I wonder though who actually is in denial here. The fact remains that despite any Estonian moral outrage at their presence, Russia DID inspire a riot in Estonia, HAS caused some destabilization in its government and HAS caused some issues in its market place. I say for a country with an overstated sense of ego, Russia done a pretty good job of proving that they are in fact an genuine influential party. And more so, despite now residing under the flag of the European rather than Soviet Union, apparently Mr. Lumi does not deny that there is a possibility of a Russian takeover. (His reasons for not wanting this by the way are not that his country treasures its independence but that Europe has outwardly a better living situation; They are not denying they are it for the money, they just want a more comfy apartment.) To me, this sounds like a remarkably influential county.

And this is exactly the point that Russia is trying to make all over the world. For all of the Euro trash-talk about Russia's inelegance, an old chestnut which has been like a full snuffbox for pro-European propaganda since the days of the slave trade, Russia is in fact cornering the market on energy resources and becoming stupid rich in the process. Demanding that America rethink its missile shield program is only possible because they have the money to upgrade their own missile system. Putting together a package to host the Olympics is Sochi is only possible because they have the money to build the facilities. Buying twenty-two 787's from Boeing and building a space needle of a building to house its golden-boy Gazprom is only possible because… its possible.

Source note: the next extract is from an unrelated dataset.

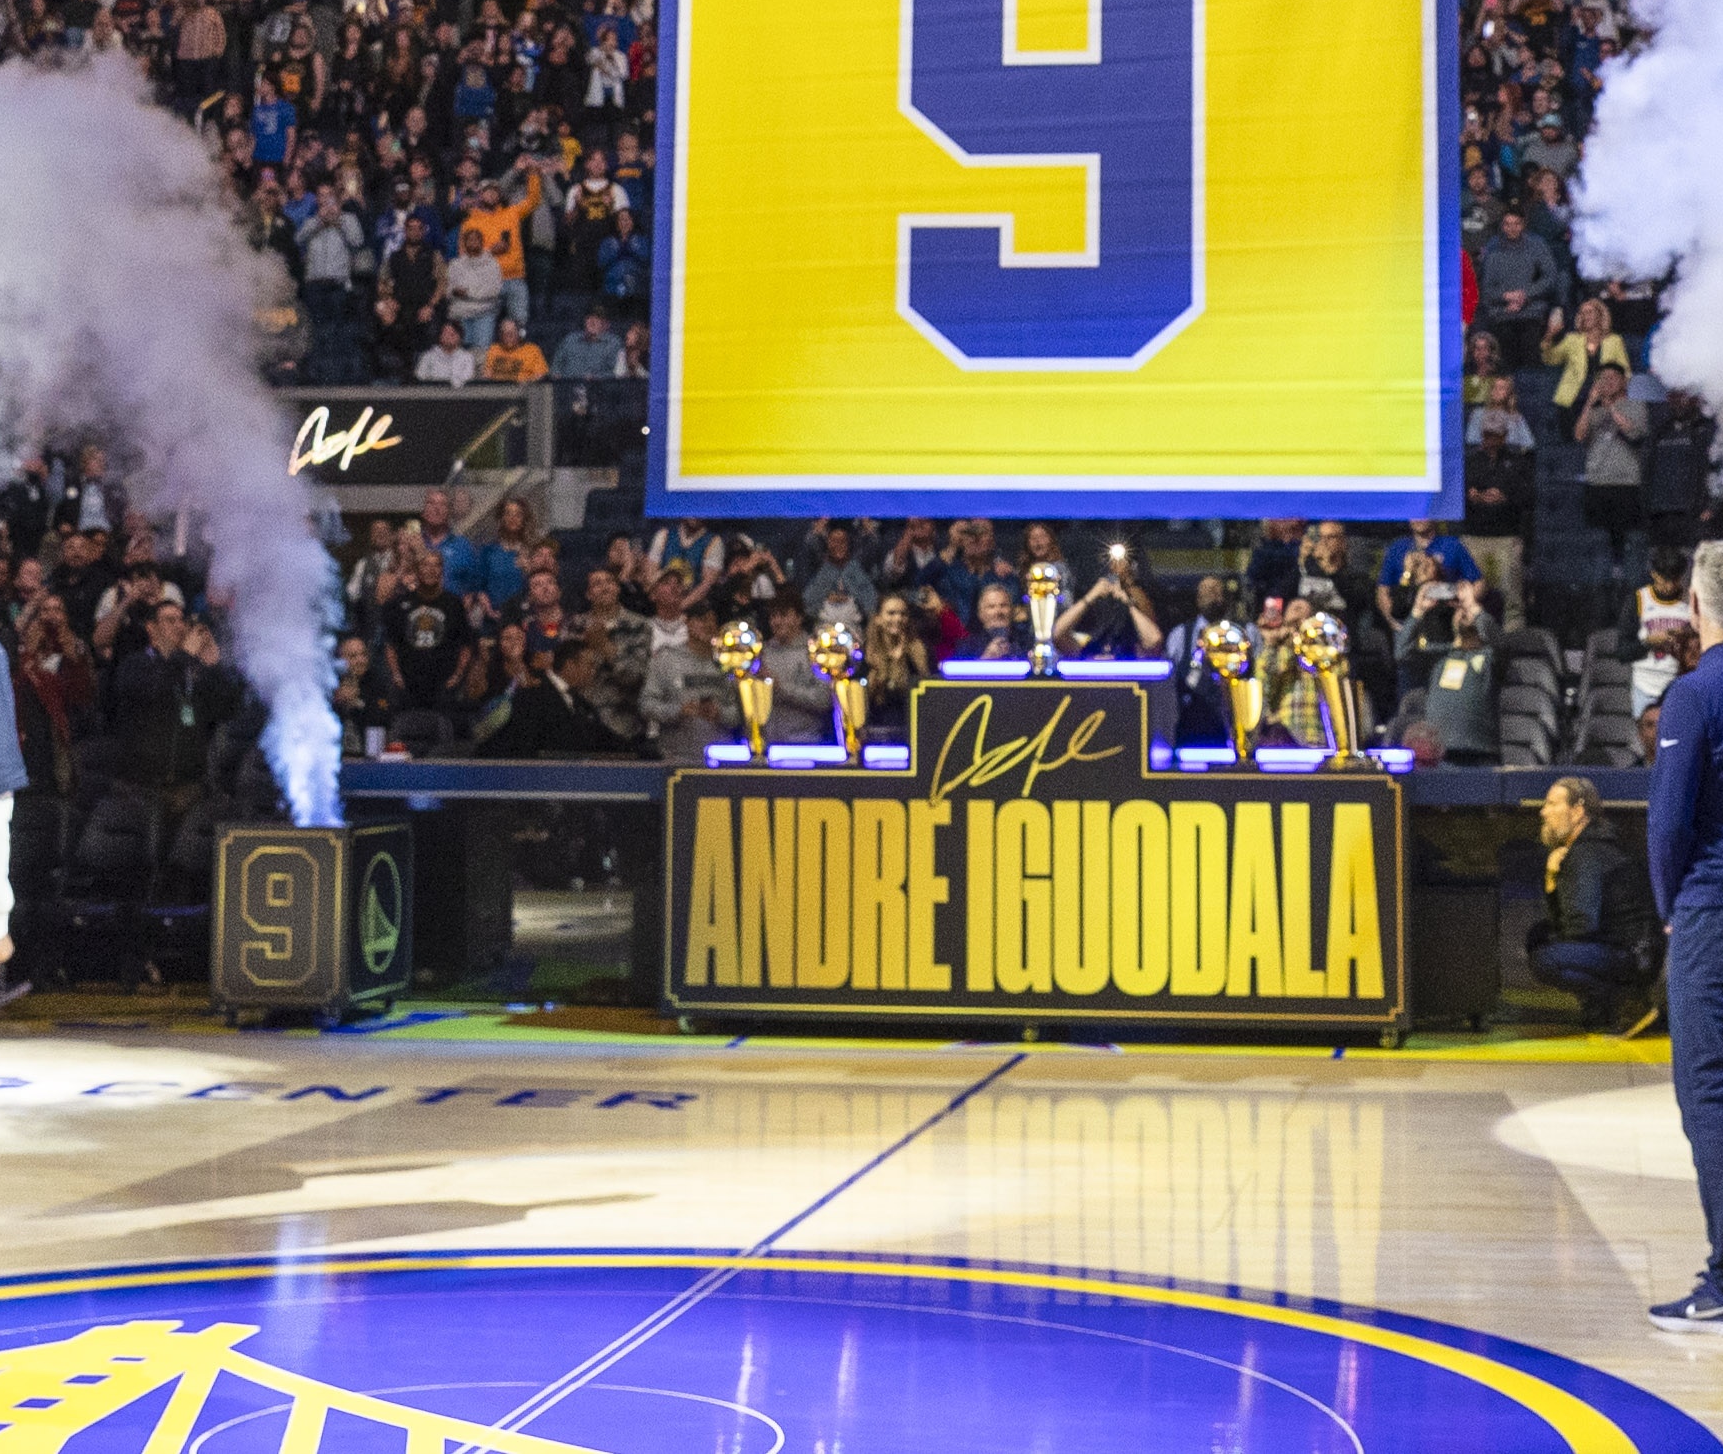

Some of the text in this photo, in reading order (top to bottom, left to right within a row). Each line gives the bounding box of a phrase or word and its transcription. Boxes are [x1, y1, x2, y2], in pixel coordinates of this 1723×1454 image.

[240, 845, 320, 987] 9
[684, 796, 1385, 999] ANDRE IGUODALA
[80, 1081, 696, 1111] CENTER

And if all of this seems kind of like a loan shark putting a fur on a dancing girl, well, Zero Mostel once explained it this way: If you got it, flaunt it!

To me all of this ostentatious behavior has its roots in the political arena. Most people I speak with would bet the house and the farm that Putin will remain for a third term and that probably his doing so will be seen as a mandate from the people. Proving even outwardly that he can command top dollar and receive it, can make George Bush back down on the missile issue (and re-instill fear of nuclear annihilation to the whole of the western world) and can stir up trouble is Estonia means exactly that he is as powerful as all of that. I'd like to see a pundit anywhere who might say that a voting public might not be impressed.

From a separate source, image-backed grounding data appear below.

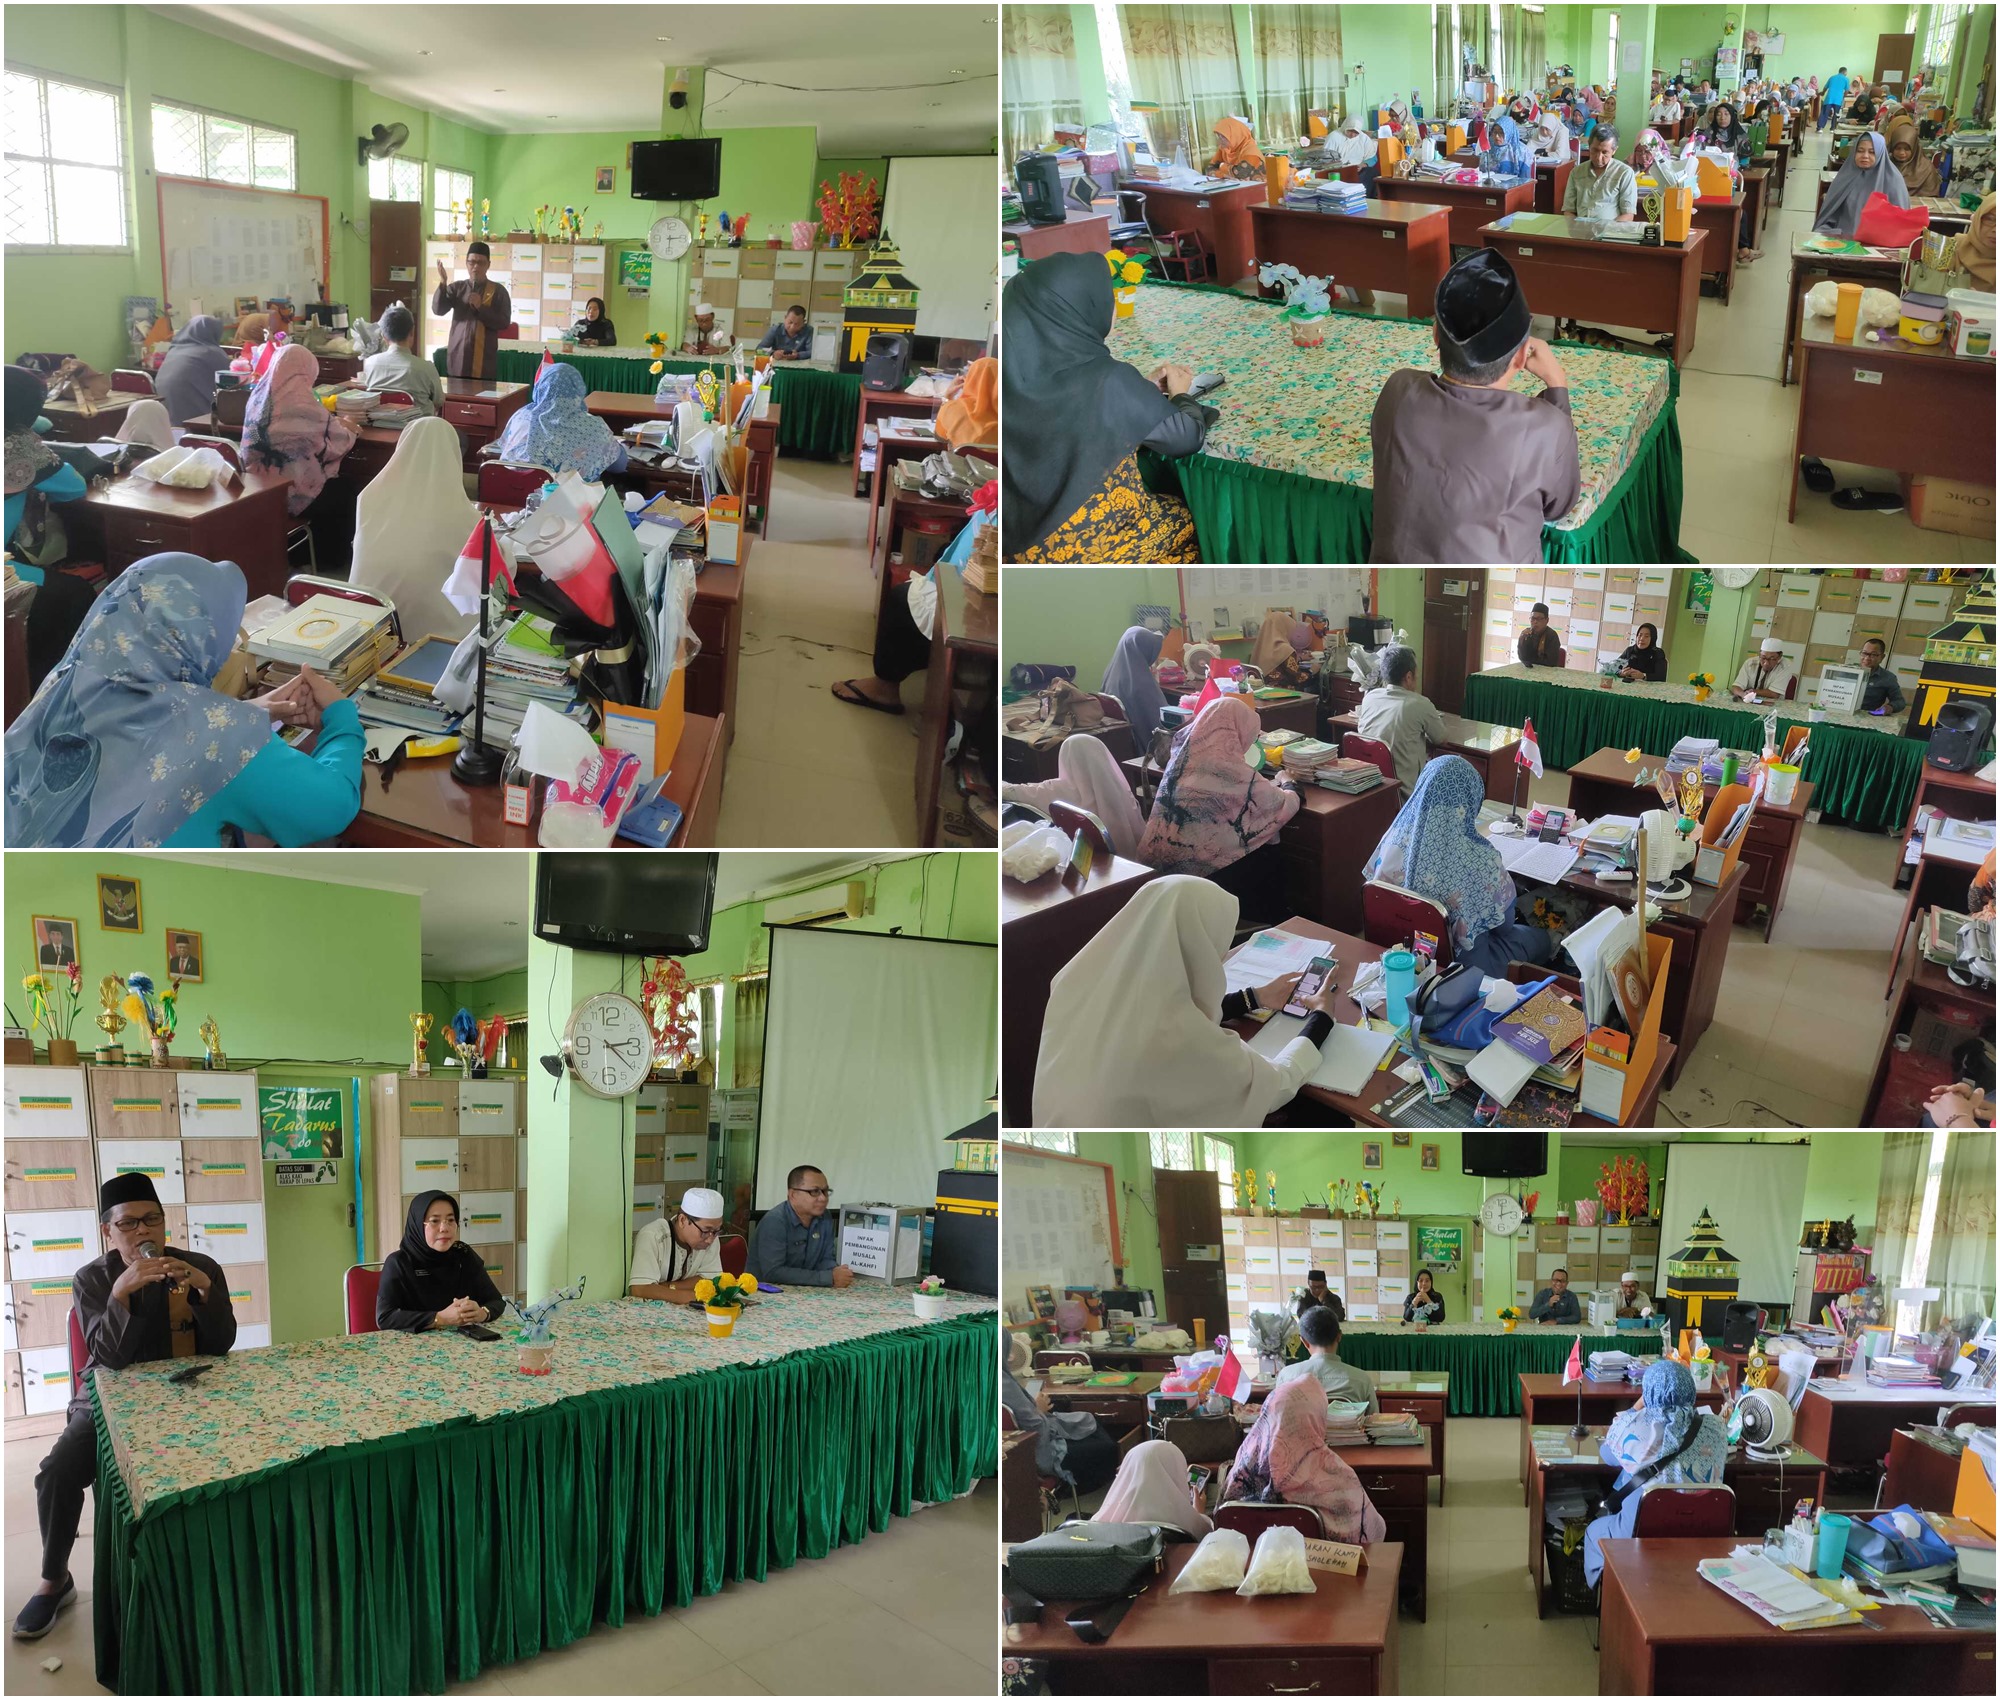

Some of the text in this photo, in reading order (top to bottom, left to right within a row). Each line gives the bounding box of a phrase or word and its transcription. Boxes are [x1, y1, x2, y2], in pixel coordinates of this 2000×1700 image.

[666, 222, 677, 230] 12
[591, 1012, 598, 1021] 11
[598, 1006, 620, 1026] 12
[581, 1022, 592, 1032] 10
[629, 1023, 636, 1032] 2
[575, 1036, 591, 1056] 9
[627, 1037, 641, 1056] 3
[581, 1060, 589, 1069] 8
[591, 1071, 598, 1080] 7
[602, 1066, 617, 1086] 6
[620, 1072, 628, 1080] 5
[261, 1091, 333, 1113] Shalat
[262, 1113, 337, 1133] Tadarus
[1422, 1228, 1457, 1239] Shalat
[844, 1241, 886, 1252] PEMBANGUNAN
[852, 1251, 876, 1260] MUSALA
[850, 1260, 877, 1270] AL-KAHFI

But also there is the bi-polar argument. If Russia can show that it can provide for its people at anything that even seems (to them) like a comfortable level, the government will not be asked to disband. Yes, a lot of this has its roots in Socialism, at least to the voting public, but this SHOULD NOT be dismissed as inconsequential. The bi-polar argument, that there should be a second, socialist body in the world to balance out unchecked capitalism, is real and there are many, many people in the world who do not see that western omnipotence has led to the betterment of their lives. Certainly Ukraine's back-to-Russia argument is as good an example of that as any. Belarus' fighting to retain its Union State despite being publicly spanked by Russia over New Years is another. Even Edward Lucas understands the point

    American moral power is not what it was. As Gary Kasparov, a chess champion and critic of the Kremlin, noted testily, Mr Bush’s talk of freedom gets tiresome when it is not backed up with anything practical."
And then adds,

    "Talking about spreading democracy sounds fanciful. Even safeguarding the gains of the past 15 years from an assertive and authoritarian Russia is looking increasingly difficult."

The EU might not like what Russia is doing or how they are doing it, but the bottom line seems to be that they are going to need to respect that they can. Just because the west slept a little more calmly over the last fifteen years because of a diminished Russia does not mean that the Russians we all that happy during that time. I think a lot of people, including the Estonians understand what this really means and that they, like everyone else, are going to have to accept the fact that Russia is again in the middle of things. And, that they have no intention of going away quietly any time soon.